Bei der Beschwerdeführerin ist im Jahr 2012 unstrittig eine Hüftoperation durchgeführt worden. Aus verständlichen Gründen wollte die Beschwerdeführerin angesichts ihrer Vorerkrankung und den daraus resultierenden Erfahrungen eine rasche Sanierung erreichen. Bloße Wünsche und Vorstellungen der Betroffenen über eine bestimmte medizinische Betreuung durch einen bestimmten Arzt ("freie Arztwahl") sowie allgemein gehaltene Befürchtungen bezüglich der vom Träger der gesetzlichen Krankenversicherung übernommenen medizinischen Betreuung stellen jedoch keine triftigen medizinischen Gründe dar, welche es rechtfertigen, jene Krankenhauskosten, die die durch die gesetzliche Krankenversicherung gedeckten Kosten übersteigen, als außergewöhnliche Belastung zu behandeln (VwGH 19.2.1992, 87/14/0116; UFS 6.4.2010, GZ RV/0364-F/08) und durch die Allgemeinheit mitfinanzieren zu lassen.

Anders könnte der gegenständliche Fall zu beurteilen sein, wenn im Zuge des Verfahrens hervorgekommen wäre, dass nur der behandelnde Arzt über das notwendige Fachwissen und die Erfahrung verfügt, den  Eingriff durchzuführen. Anhaltspunkte, dass dieser Sonderfall vorliegt, finden sich im konkreten Fall jedoch nicht (UFS 6.4.2010, GZ RV/0364-F/08).

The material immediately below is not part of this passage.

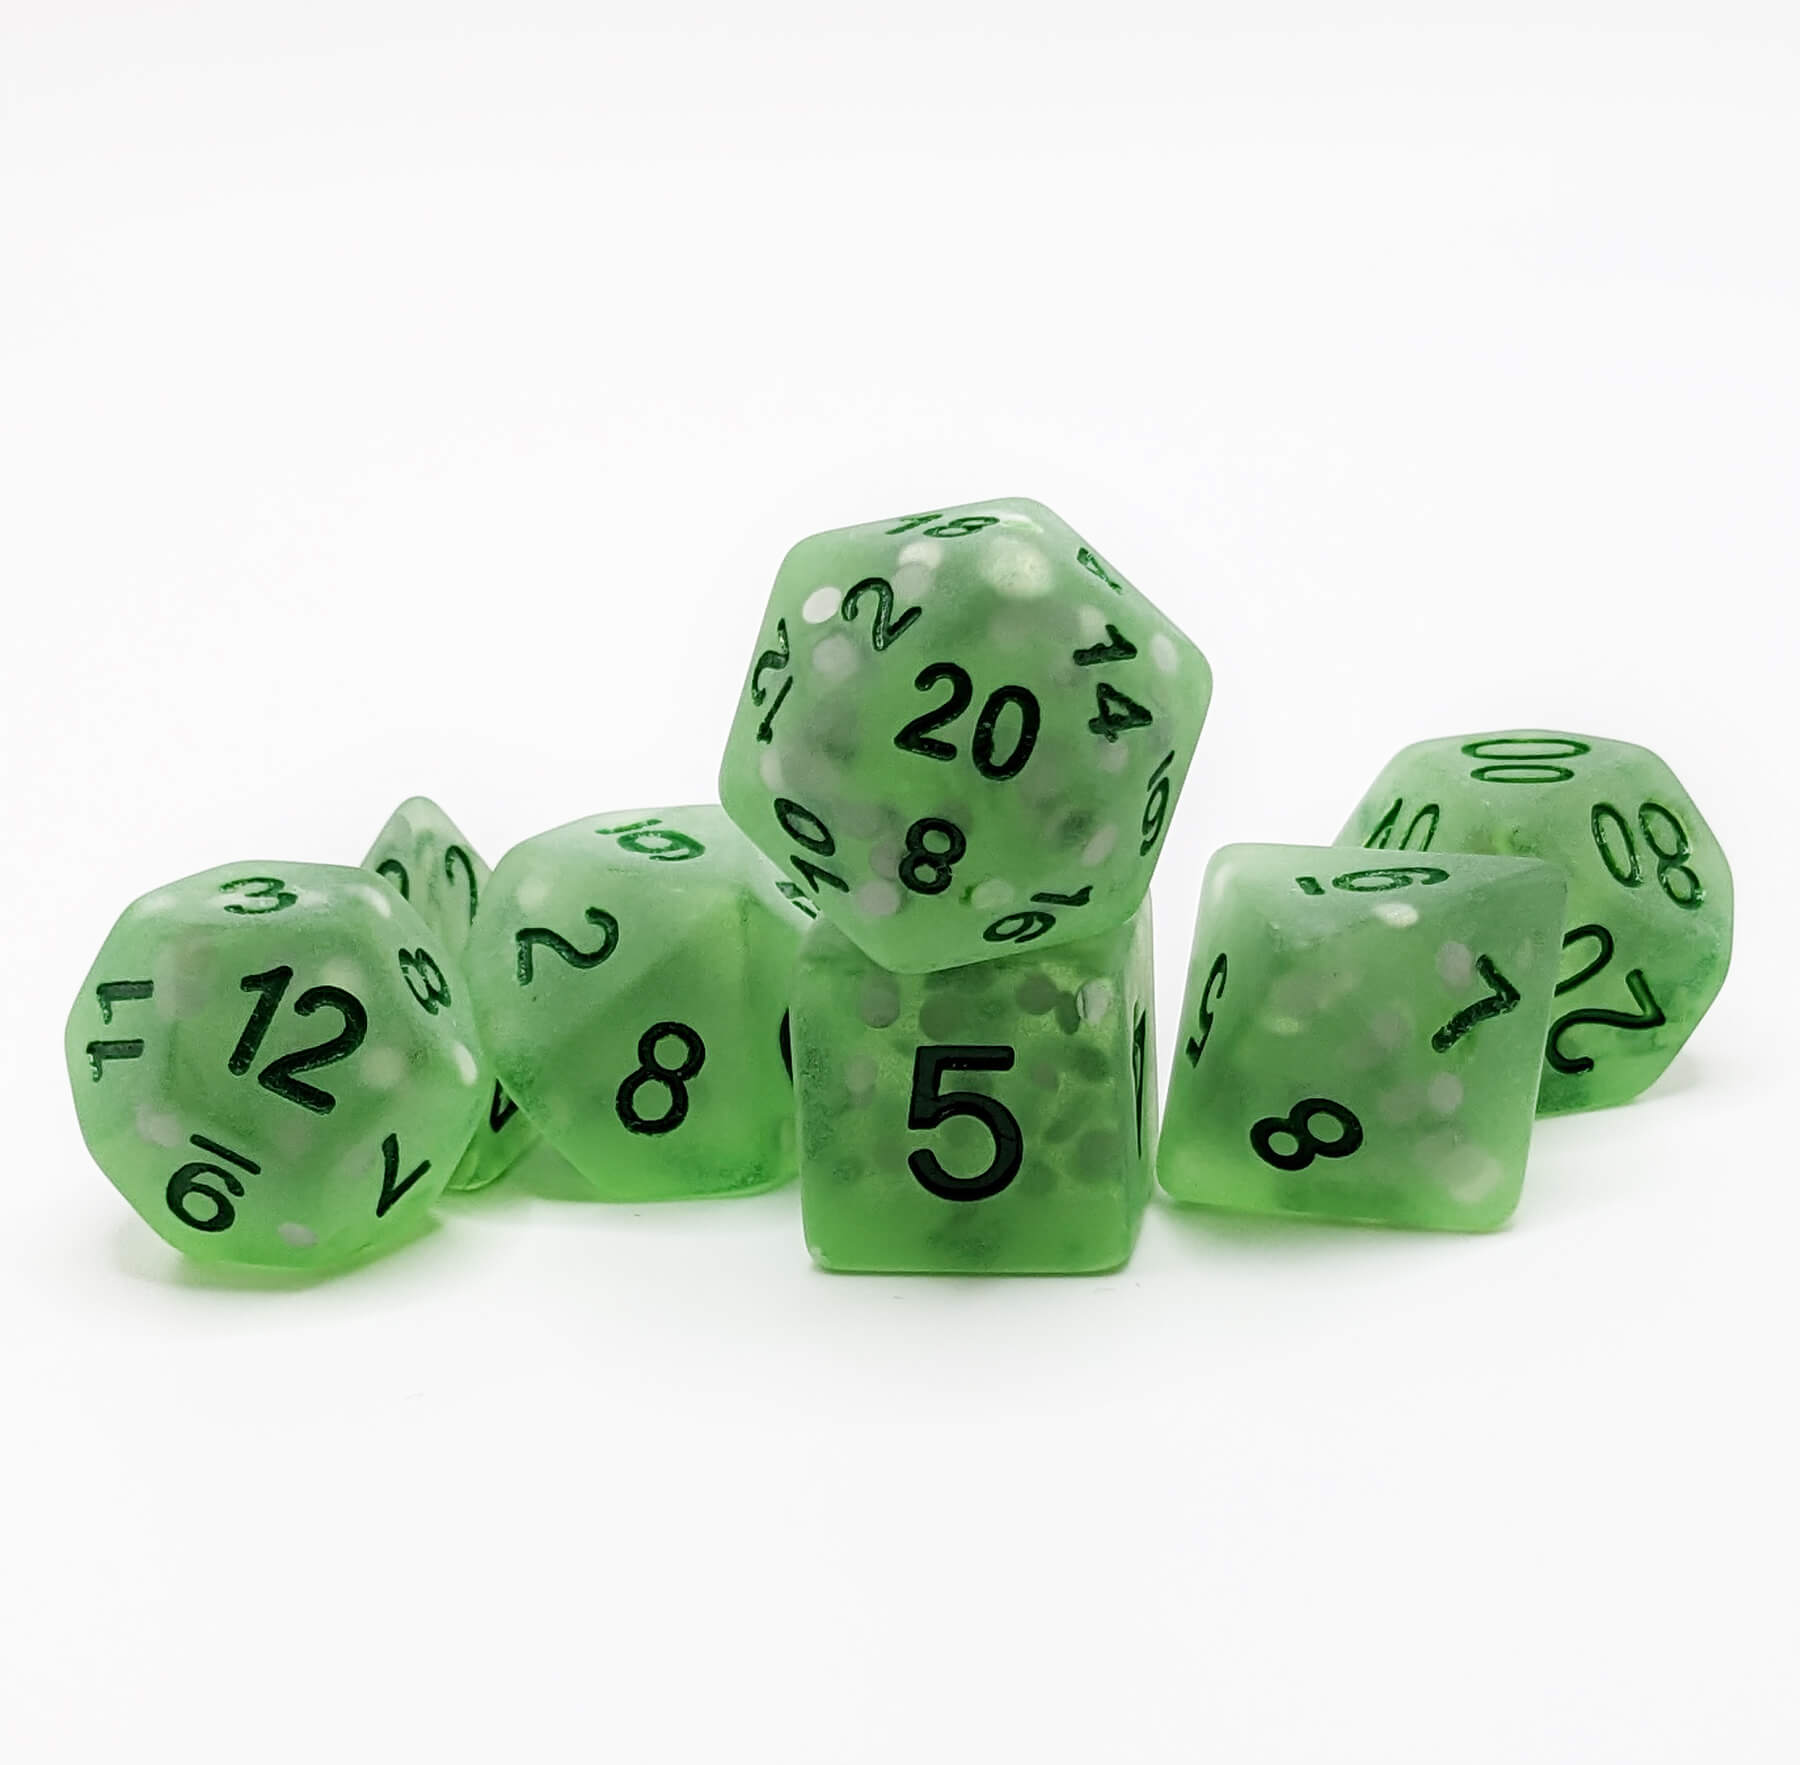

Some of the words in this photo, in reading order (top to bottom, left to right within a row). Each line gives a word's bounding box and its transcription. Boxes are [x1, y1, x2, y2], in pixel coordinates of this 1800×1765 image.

Im Gegenteil: Im Einzugsbereich des Wohnortes der Beschwerdeführerin (40 km) befinden sich ua eine Universitätsklinik sowie ein Unfallkrankenhaus, welche Hüftoperationen durchführen.

§ 16 KAKuG (Krankenanstalten- und Kuranstaltengesetz) normiert, dass für die Behandlung von Patienten und Patientinnen in einem Spital ausschließlich deren Gesundheitszustand heranzuziehen ist. In der medizinischen Versorgung ergibt sich somit keine Unterscheidung zwischen Patienten der Sonderklasse und denjenigen der allgemeinen Gebührenklasse (UFS 26.4.2012, RV/1184-L/11). Es ist davon auszugehen, dass zum einen eine optimale Versorgung der Beschwerdeführerin in der allgemeinen Gebührenklasse des öffentlichen Krankenhauses im Einzugsbereich des Wohnortes gegeben gewesen wäre, zum anderen die Beschwerdeführerin bei Vorliegen triftiger medizinischer Gründe rasch behandelt worden wäre. Gegenteiliges wurde nicht vorgebracht.

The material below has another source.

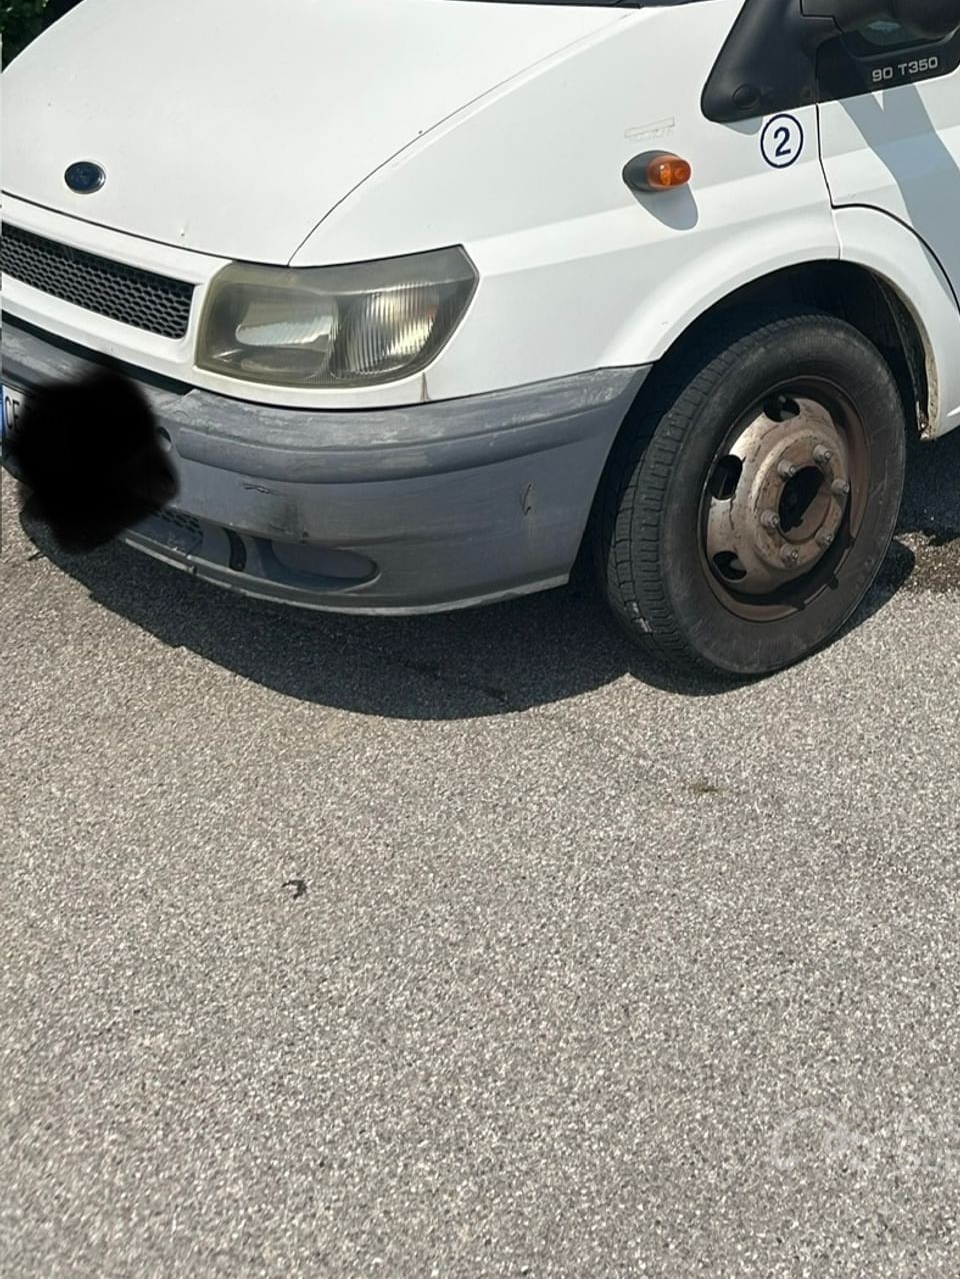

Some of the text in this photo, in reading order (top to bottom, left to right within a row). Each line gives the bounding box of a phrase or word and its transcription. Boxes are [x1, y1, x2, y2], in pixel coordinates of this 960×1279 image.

[871, 56, 939, 83] 90 T350
[773, 126, 792, 157] 2

Die triftigen medizinischen Gründe müssen in feststehenden oder sich konkret abzeichnenden, ernsthaften gesundheitlichen Nachteilen bestehen, welche ohne die mit höheren Kosten verbundene medizinische Betreuung eintreten würden ( VwGH vom 19.2.1992, 87/14/0116, vgl. auch Jakom/Baldauf, EStG, 2012, § 34 Rz 90 "Krankheitskosten"). Aus den vorgelegten Unterlagen ergibt sich kein Nachweis, dass eine Durchführung einer medizinischen Betreuung außerhalb der Sonderklasse zu ernsthaften gesundheitlichen Nachteilen geführt hätte. Ein ernsthafter gesundheitlicher Nachteil bei einer Behandlung außerhalb der Sonderklasse, auch durch einen anderen Arzt, wurde nicht behauptet.

Zusammengefasst konnten keine ernsthaften gesundheitlichen Nachteile aufgezeigt werden, die ohne die Sonderklassebehandlung zu befürchten gewesen wären. Der aus Sicht der Beschwerdeführerin verständliche Wunsch einer rascheren Behandlung  stellt keinen triftigen medizinischen Grund dar. Nach den Bestimmungen des § 34 Abs. 1 und 3 EStG liegt daher für die von der Beschwerdeführerin getragenen Sonderklassekosten keine Zwangsläufigkeit vor.

Es war daher spruchgemäß zu entscheiden.

Da im Erkenntnisfall keine Rechtsfragen von grundsätzlicher Bedeutung iSd Artikel 133 Abs. 4 B-VG angesprochen sind, war die Zulässigkeit einer Revision zu verneinen. Das BFG konnte sich in seiner Entscheidung auf die oben zitierte Rechtsprechung stützen.